Caminan hacia donde están las armas de fuego. Josh deja caer las bolsas de deporte y luego pasa detrás del mostrador. Ilumina el suelo; ve unas pocas cajas de munición, una botella de aceite para pistolas, un talonario de recibos y un objeto romo y plateado que sobresale.

—Un momento… Esperad un momento.

Se arrodilla. Busca bajo el mostrador y saca el extremo romo de acero de un cañón.

—Esto quería yo —dice, levantando el arma para que sus amigos puedan verla.

—¿Es un Águila del Desierto? —pregunta Bob, acercándose—. ¿Del calibre 44?

Josh sujeta el arma igual que hace un niño con su regalo de Navidad.

—No sé de qué clase es pero pesa un quintal. Debe rondar los cinco kilos.

—¿Puedo? —Bob sopesa la semiautomática—. Por Dios bendito… Es la Howitzer de las pistolas.

—Ahora lo que necesitamos son balas.

Bob comprueba el cargador.

—Fabricada por hebreos duros de pelar, funciona con gas… Es una semiautomática única. —Bob echa un vistazo a los estantes superiores—. Apunta allá con la linterna… A ver si hay algo del calibre 50 ahí arriba.

Momentos después, Josh encuentra varias cajas del calibre 50 en el estante más alto. Se estira y coge media docena.

Mientras, Bob libera el cargador, que cae en su mano grasienta. Le habla con susurros cariñosos, como si fuera su amante.

—Nadie diseña armas como los israelíes… Ni siquiera los alemanes. Esta chica mala podría hacerle un boquete a un tanque.

Tras un momento de sorpresa, todos sueltan una sonora carcajada. Ni siquiera Josh puede resistirse, a pesar de que son risas histéricas. Están todos al borde de un ataque y la risa los ayuda a liberar la tensión en el almacén silencioso y lleno de sangre y estantes saqueados. Han tenido un buen día.

Les ha tocado el premio gordo de este templo del consumismo y, lo más importante, han conseguido algo más que provisiones: han encontrado una pizca de esperanza. Quizá sobrevivan al invierno. Quizá vean la luz al final del túnel de esta pesadilla.

Lilly es la primera en oír un ruido. Deja de reír en el acto y mira a su alrededor como si acabara de despertar.

—¿Qué ha sido eso?

Josh tampoco se ríe.

—¿Has oído eso?

Bob la mira.

—¿Qué pasa, cielo?

—He oído algo —le dice en voz baja, presa del pánico.

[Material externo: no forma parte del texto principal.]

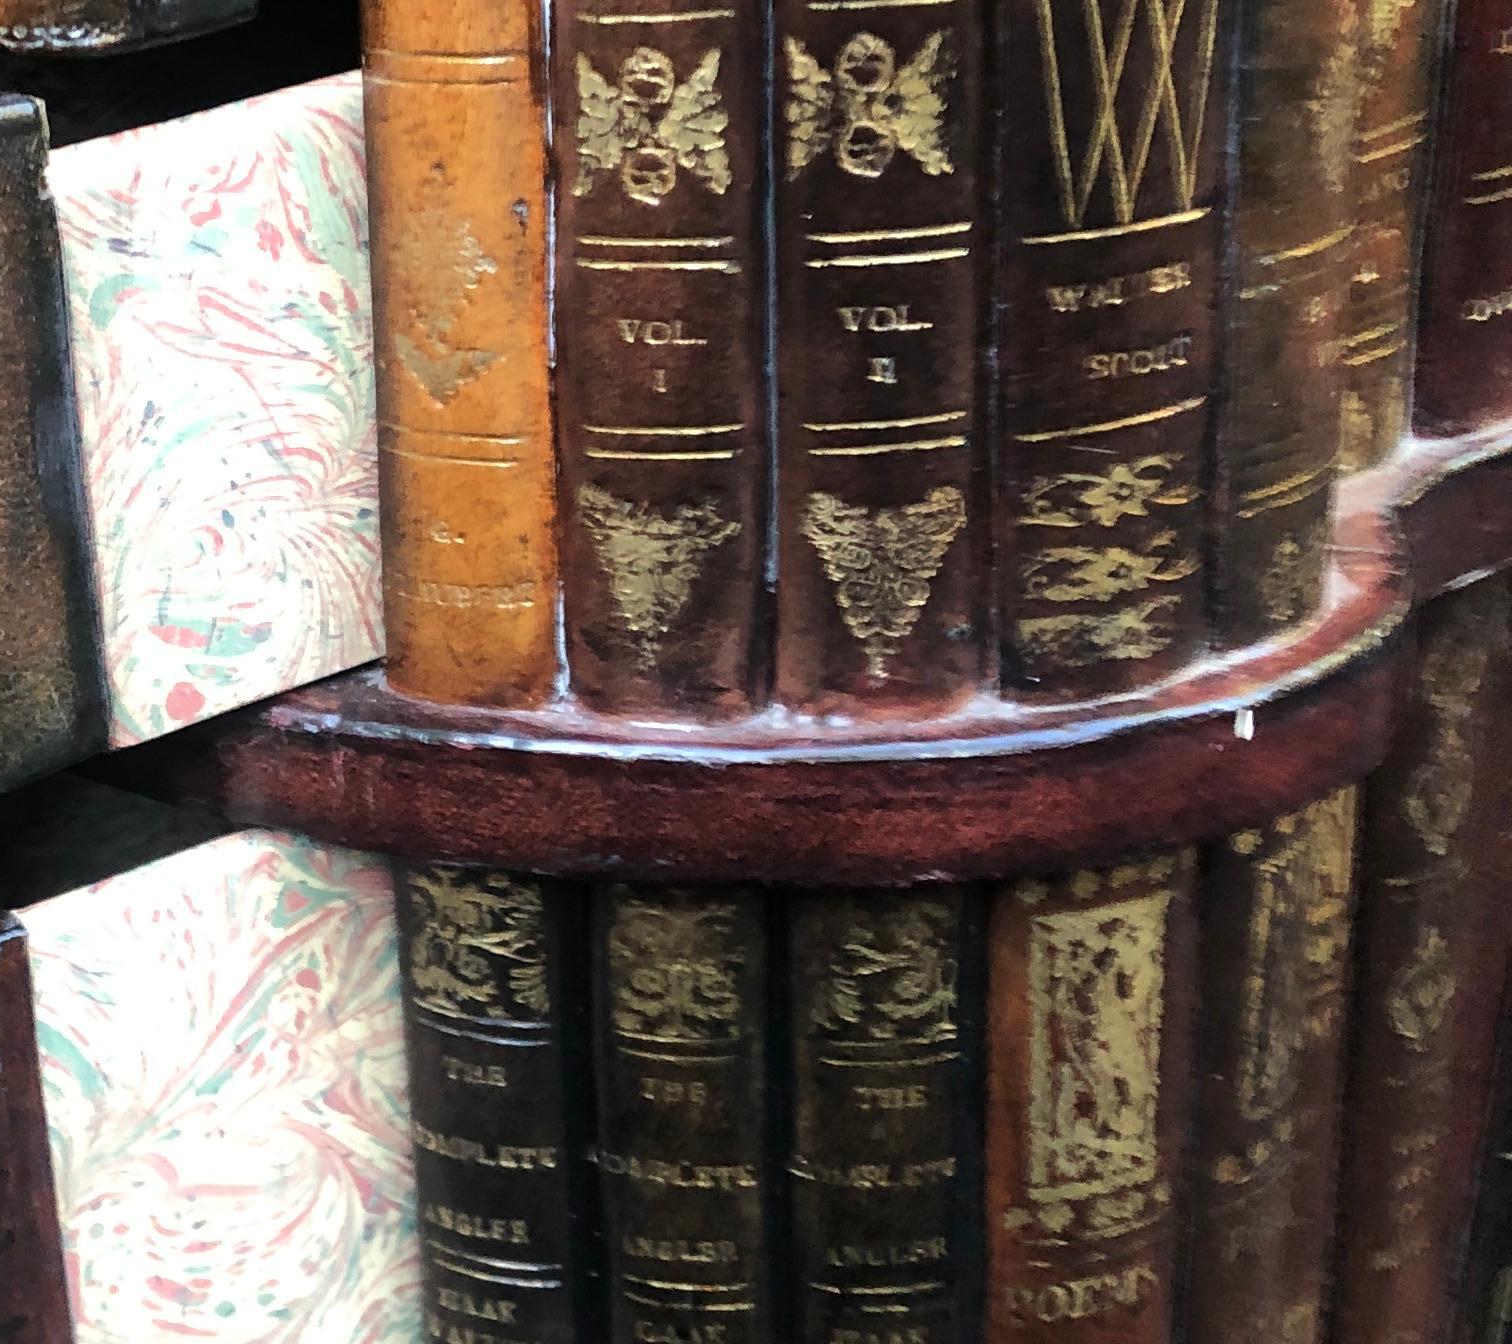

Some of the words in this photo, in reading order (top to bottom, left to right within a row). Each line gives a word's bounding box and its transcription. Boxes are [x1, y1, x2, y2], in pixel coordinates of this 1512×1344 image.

[1045, 261, 1193, 313] WALTER
[441, 1054, 509, 1088] THE
[853, 1084, 929, 1111] THE
[424, 1201, 531, 1244] ANGLER
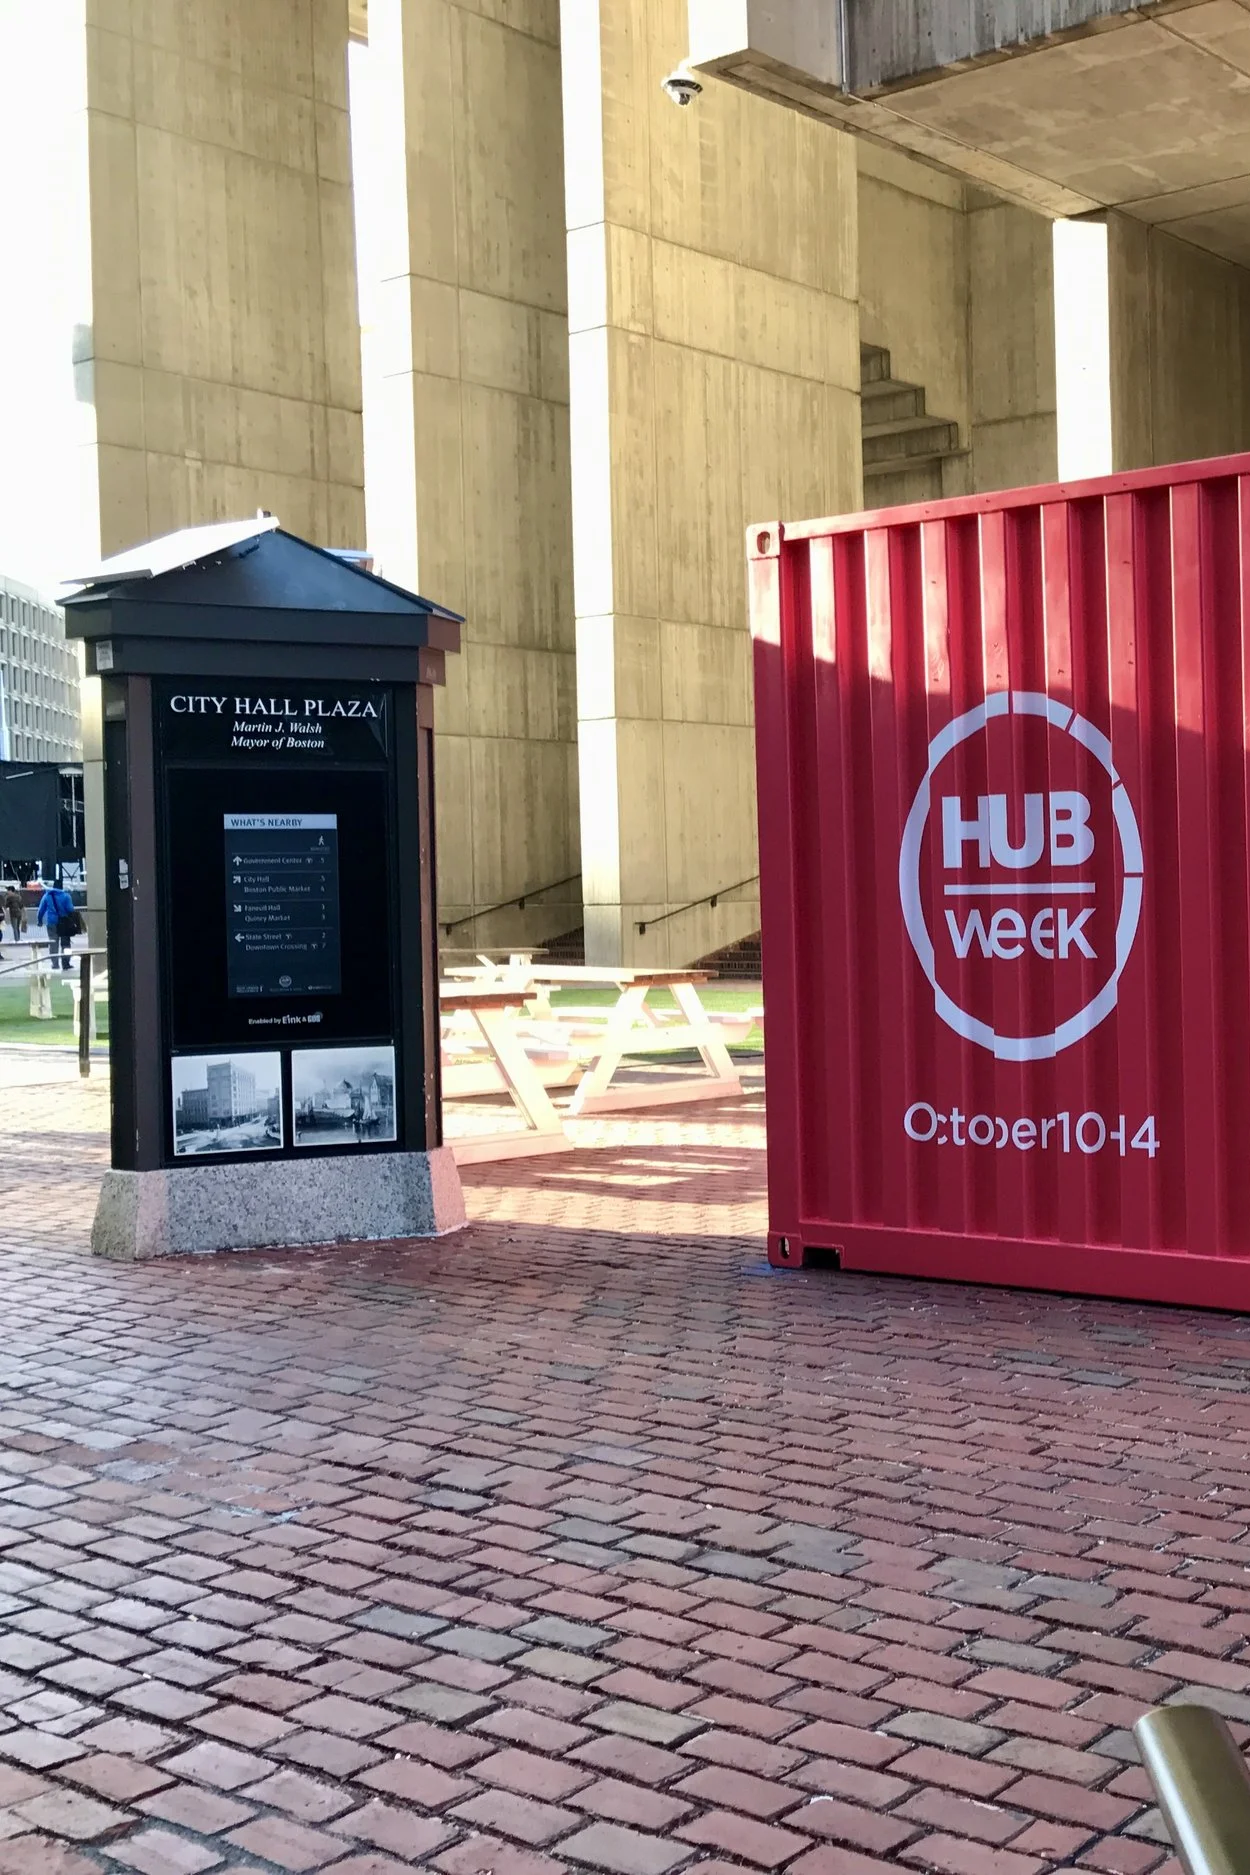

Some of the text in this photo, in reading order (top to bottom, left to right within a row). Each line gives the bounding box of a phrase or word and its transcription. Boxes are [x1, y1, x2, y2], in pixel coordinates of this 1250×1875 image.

[170, 695, 378, 718] CITY HALL PLAZA
[233, 721, 322, 734] Martin J. Walsh
[231, 736, 325, 749] Mayor of Boston
[231, 818, 302, 827] WHAT'S NEARBY
[942, 791, 1095, 869] HUB

Josh apaga la linterna y mira a Scott.

—Apaga la linterna, Scott.

Scott la apaga y la parte de atrás de la tienda queda sumida en las tinieblas.

El corazón de la mujer late desbocado. Todos agudizan el oído en un entorno completamente oscuro. La tienda está silenciosa. Entonces, otro crujido pone fin a la quietud.

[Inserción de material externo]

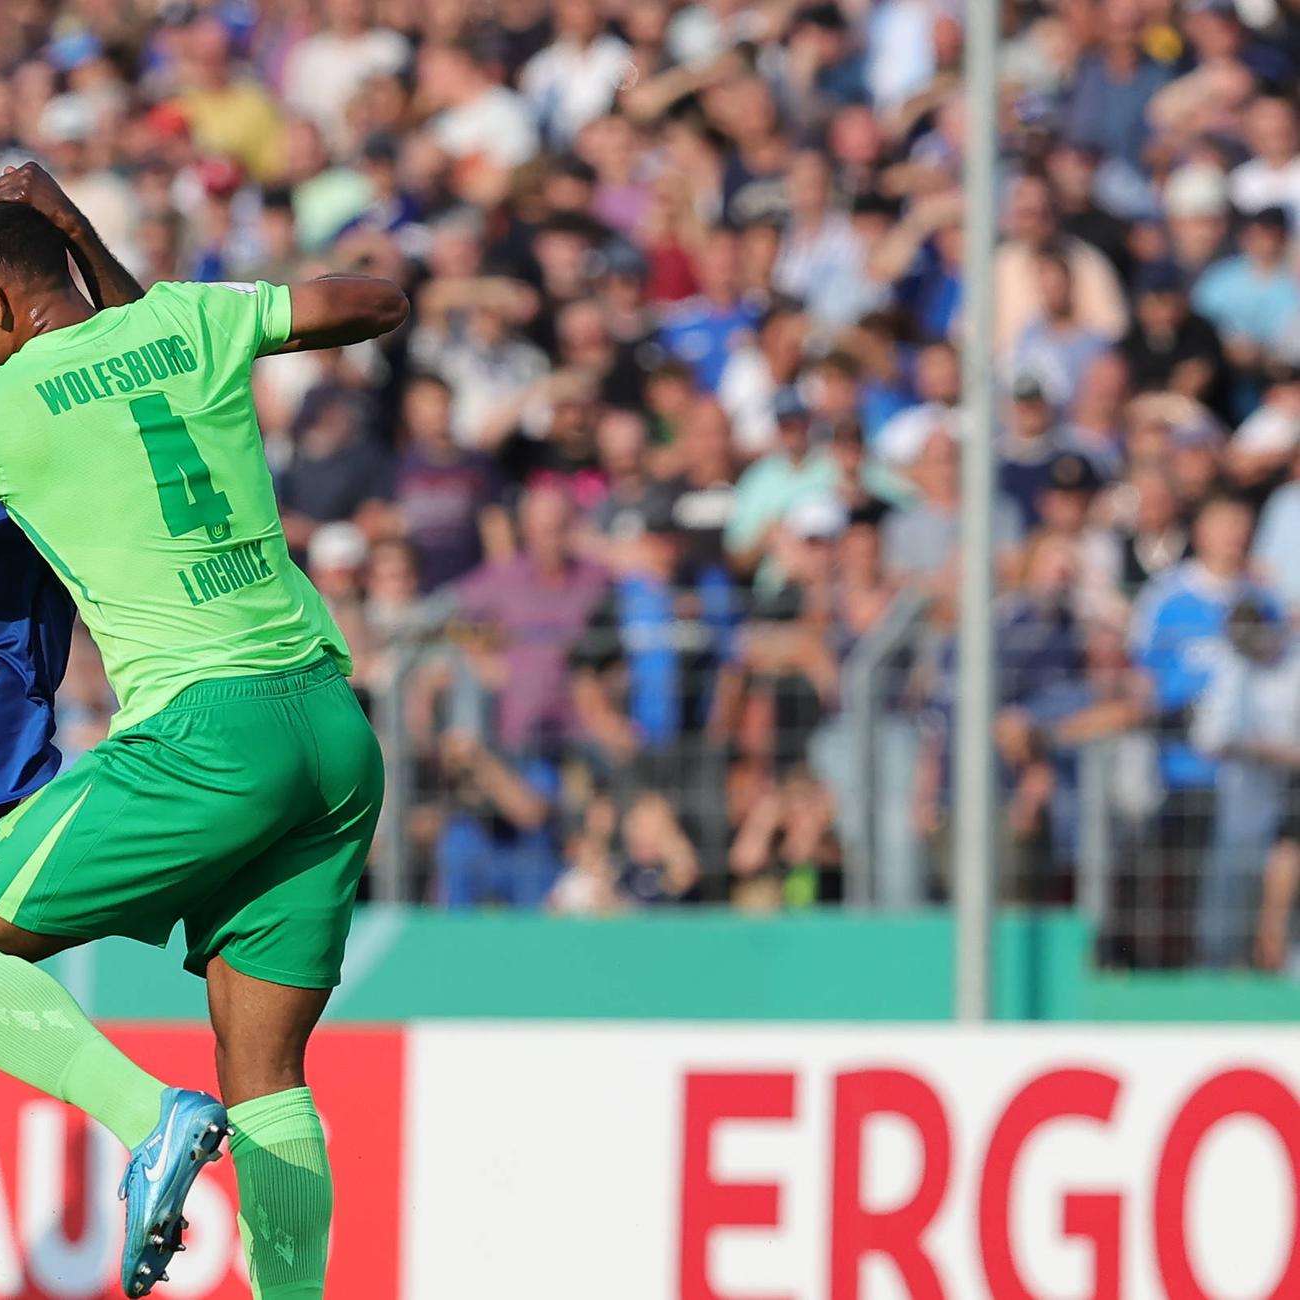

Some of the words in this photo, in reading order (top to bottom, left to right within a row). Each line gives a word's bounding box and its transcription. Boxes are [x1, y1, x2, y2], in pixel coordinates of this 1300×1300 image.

[35, 334, 198, 416] WOLFSBURG
[129, 391, 234, 543] 4
[177, 540, 274, 606] LACROIX
[677, 1068, 1300, 1300] ERGO

Llega de la parte delantera de la tienda. Suena a tirón, como a metal oxidado, pero es débil, tan débil que es imposible de identificar.

Josh susurra:

—Bob, ¿dónde está la escopeta?

—Delante, con las carretillas.

—Vale.

—¿Y si es Megan?

Josh se queda pensativo. Mira hacia la vasta extensión de la tienda.

—¿Megan? ¿Estás ahí?

No hay respuesta.

Lilly coge aire. Está empezando a marearse.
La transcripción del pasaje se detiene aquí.